RECORDS FOR THE EXERCISE:
☆ ☆ ☆

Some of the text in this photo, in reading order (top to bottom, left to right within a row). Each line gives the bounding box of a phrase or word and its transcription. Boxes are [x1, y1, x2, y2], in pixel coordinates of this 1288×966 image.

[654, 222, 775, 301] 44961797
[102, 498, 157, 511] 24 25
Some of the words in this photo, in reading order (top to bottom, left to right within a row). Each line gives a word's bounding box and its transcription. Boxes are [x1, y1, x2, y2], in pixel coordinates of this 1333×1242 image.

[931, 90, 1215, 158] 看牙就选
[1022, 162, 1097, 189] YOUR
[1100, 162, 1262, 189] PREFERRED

☆ ☆ ☆

DIRECTIONS:
Word for word, restate the lines running from the one containing "Some of the words" through the final line of the records above, and nothing besides.

ANSWER TO THIS EXERCISE:
Some of the words in this photo, in reading order (top to bottom, left to right within a row). Each line gives a word's bounding box and its transcription. Boxes are [x1, y1, x2, y2], in pixel coordinates of this 1333×1242 image.

[931, 90, 1215, 158] 看牙就选
[1022, 162, 1097, 189] YOUR
[1100, 162, 1262, 189] PREFERRED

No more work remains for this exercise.